Besides the classic “as expected,” one of the
analysts’ favorite phrases is “markets are talking.” This means that
significant price changes could indicate that something major is coming.
For example, if investors anticipate an increase in
geopolitical tensions that could disrupt supply chains or oil or gas
production, the dollar index, gold,
and even Treasury bonds usually rise.
Right now, investors are experiencing renewed anxiety,
which is good news for those holding long positions in these instruments but
not so good for those facing the potential fallout.
Unlike the previous week, the uncertainty is not the rapid
deterioration of macroeconomic data, which improved in the United States, but
geopolitics again.
In Europe, for example, gas
prices have risen mainly due to the escalating conflict
between Russia and Ukraine and, in particular, Ukraine’s alleged seizure of a
gas metering station in Sudzha.
The concern is that this could disrupt Russia’s last direct
gas supply to the EU through damage or Gazprom declaring force majeure, leaving
Hungary, Austria, and Slovakia without cheap supplies.

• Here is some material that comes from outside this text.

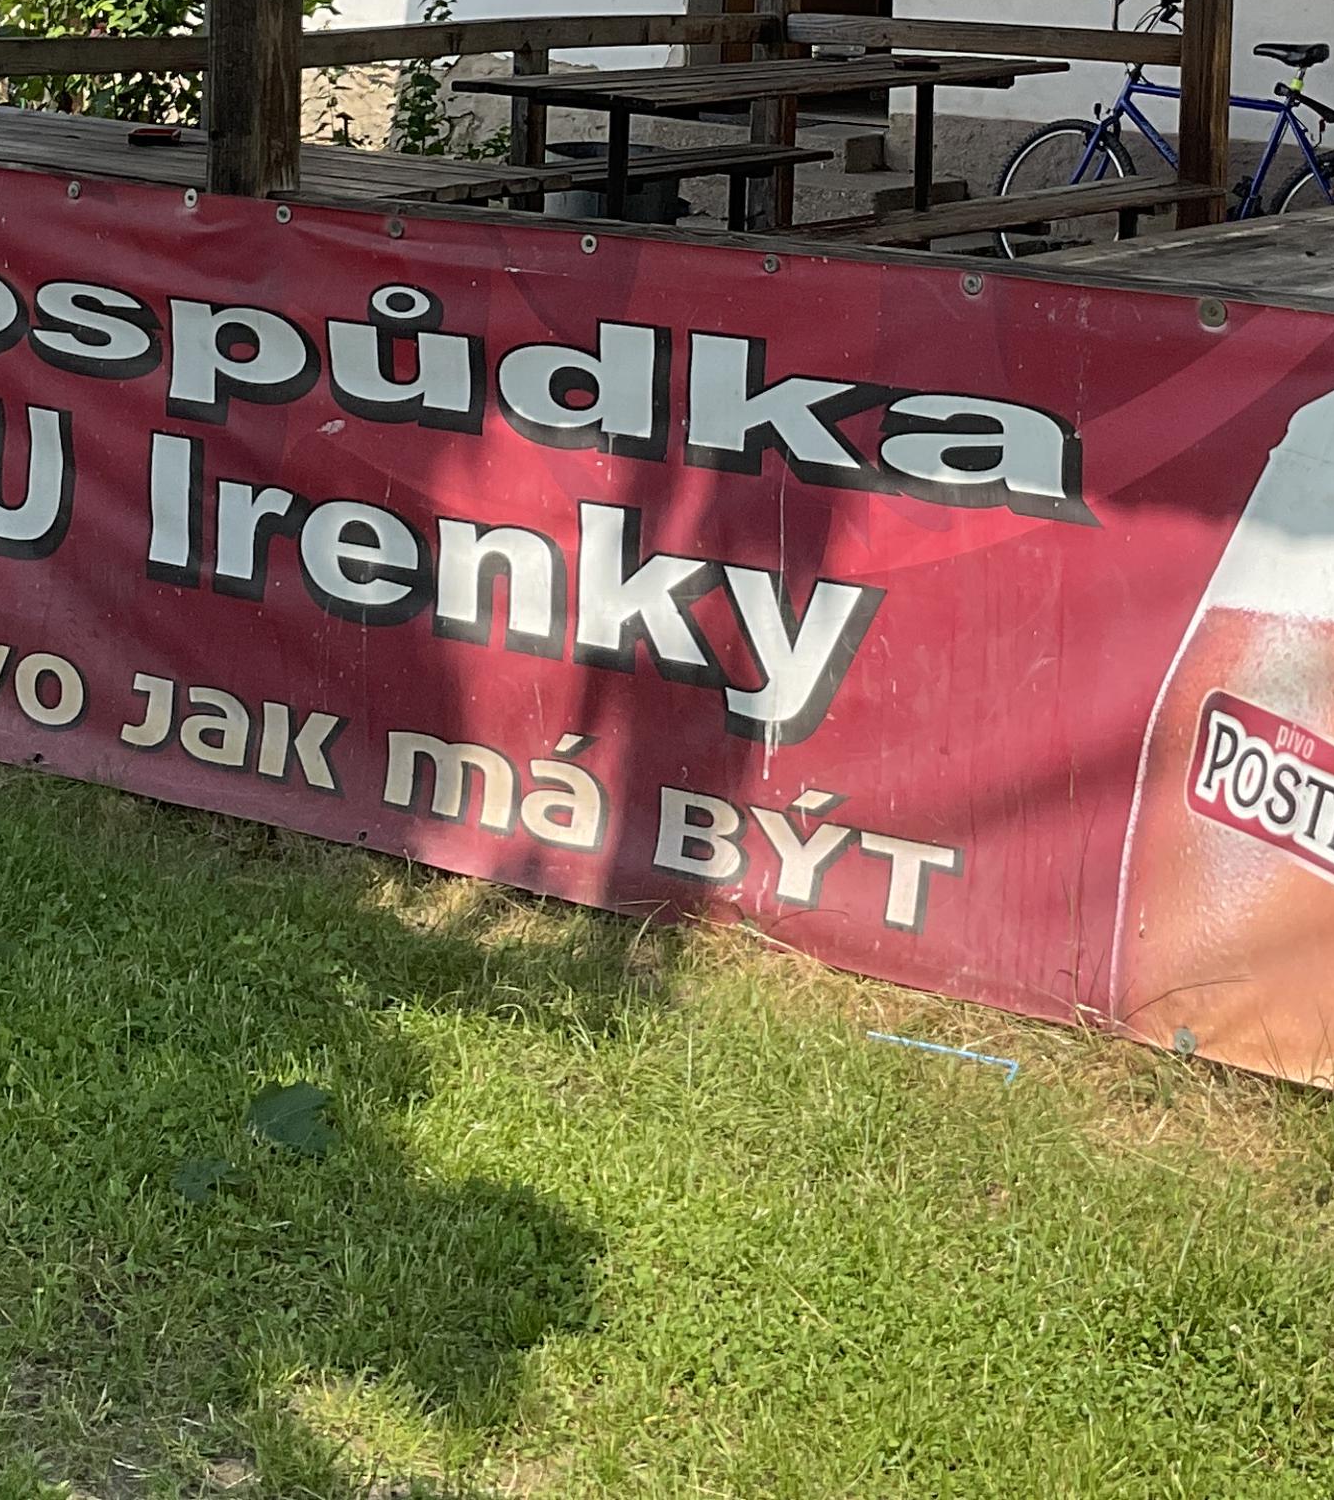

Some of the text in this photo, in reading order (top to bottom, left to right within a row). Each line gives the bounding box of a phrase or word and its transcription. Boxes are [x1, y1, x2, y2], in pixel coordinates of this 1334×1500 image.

[147, 432, 865, 723] Irenky
[382, 730, 603, 849] má
[652, 785, 959, 928] BÝT
[1274, 722, 1316, 761] pivo

However, analysts believe prices will not return to 2022
levels, as this only affects 5% of total supply. They believe that the market
is overreacting and that prices will eventually adjust.

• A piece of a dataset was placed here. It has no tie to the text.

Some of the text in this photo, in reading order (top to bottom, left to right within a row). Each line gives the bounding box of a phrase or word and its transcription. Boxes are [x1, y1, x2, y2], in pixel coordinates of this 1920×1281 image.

As for oil, it has also been a
turbulent few weeks for black gold. The chart of Brent crude
has been more like a roller coaster: sharp rises and falls. There are several
factors at play.
Initially, worries about a U.S. recession drove prices down
to $75. They then jumped to $82 due to fears of an Iranian military response to
Israel. Now, markets are waiting to see what happens next.
According to Barron’s, a significant escalation could
severely disrupt oil production and transit routes, primarily through the
Strait of Hormuz, through which about one-fifth of the world’s oil supply
flows.
In addition, an attack could lead Western
countries to sanction Iran’s crude oil exports, which
amount to 1.5 million barrels per day, potentially driving up gasoline prices
in the long term.
What will be the long-term impact of both conflicts?
If things worsen and we end up with a worst-case scenario,
energy markets could increase. This would be bad news for both central banks
and the economy in general.
Regulators may be forced to delay rate cuts, putting
additional pressure on businesses, which could be forced into bankruptcy. For
now, however, the market does not believe this will happen.